What is the Actual Motivation for Torturing People?

As I've said, there's not much point in talking about any of this, given that these people who go around engaging in torture are beyond all reason and have no regard for life. It's as if they've been removed from anything resembling human life for such a terribly long time that they can't grasp the most basic concepts that living, human beings use to make sense of things and to interact. It's not a different philosophy that causes a person to do something so horrific, and a lust for authoritarianism is not enough to cause a person to do these types of things. There's some kind of irrationality that can overtake people who have been in power, and it's an irrational sense that their own interests and methods should seem not just correct to others but should be endlessly-understandable. People who become part of some sort of appalling system of violence are bewildered by anyone who finds the system to be unbearable and to shatter the most basic type of framework that any human society has to be based on, if it's going to endure in any meaningful way. One example of this is in the educational system, and I will not just stop criticizing the educational system because my criticisms are upsetting to some people, evidently.
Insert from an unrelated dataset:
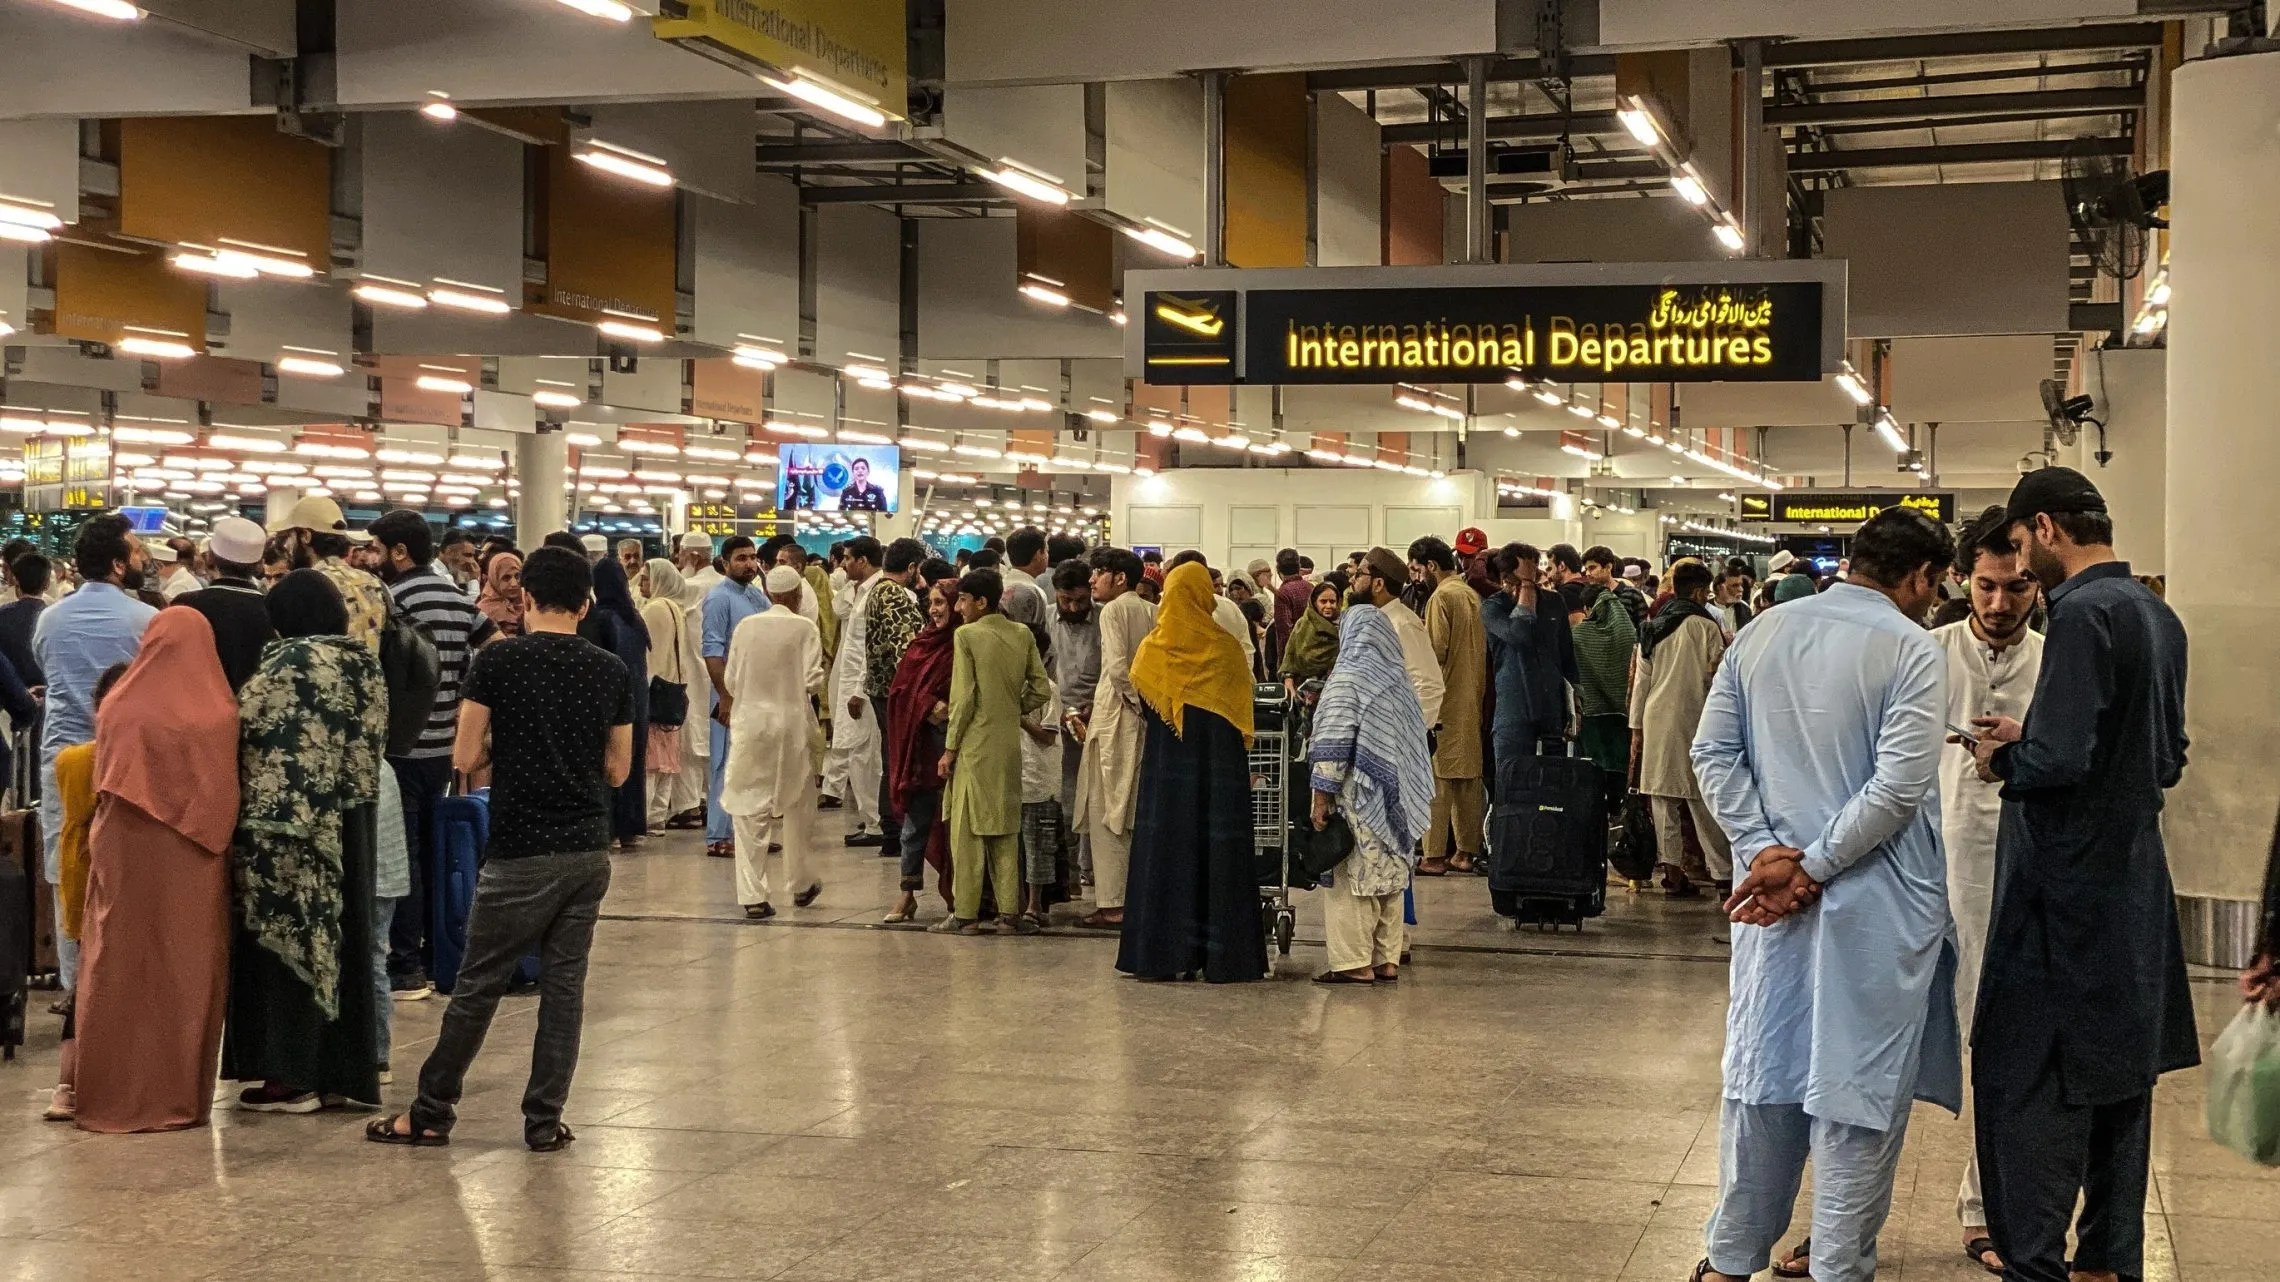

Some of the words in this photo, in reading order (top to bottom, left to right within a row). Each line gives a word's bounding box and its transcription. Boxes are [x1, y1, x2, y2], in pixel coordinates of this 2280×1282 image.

[1289, 329, 1534, 367] International
[1551, 331, 1772, 373] Departures
[1785, 506, 1866, 519] International
When every student who participates in the educational system finds the system to be tremendously oppressive and no student has any capacity whatsoever to voice his or her criticism, without hurting himself or herself, there is something very, very wrong, and one sees this type of absolute silencing of groups of people in social "constructs" or contexts or whatever--in hierarchies--that have become corrupted in serious ways. Anyway, one can develop all sorts of elaborate justifications for one's actions, but, when you think you "know better" than another person or group of people and you find yourself interacting with a person who is in a desperate state and who has no hope of ever reaching anyone (upsetting as this is for some people to hear, this describes many, if not most, students in educational institutions), you have to be willing to look critically at yourself and your approaches. There's something very wrong, when one has so, so much power and can't offer anything more than desperation and pain to those whom one is bossing around.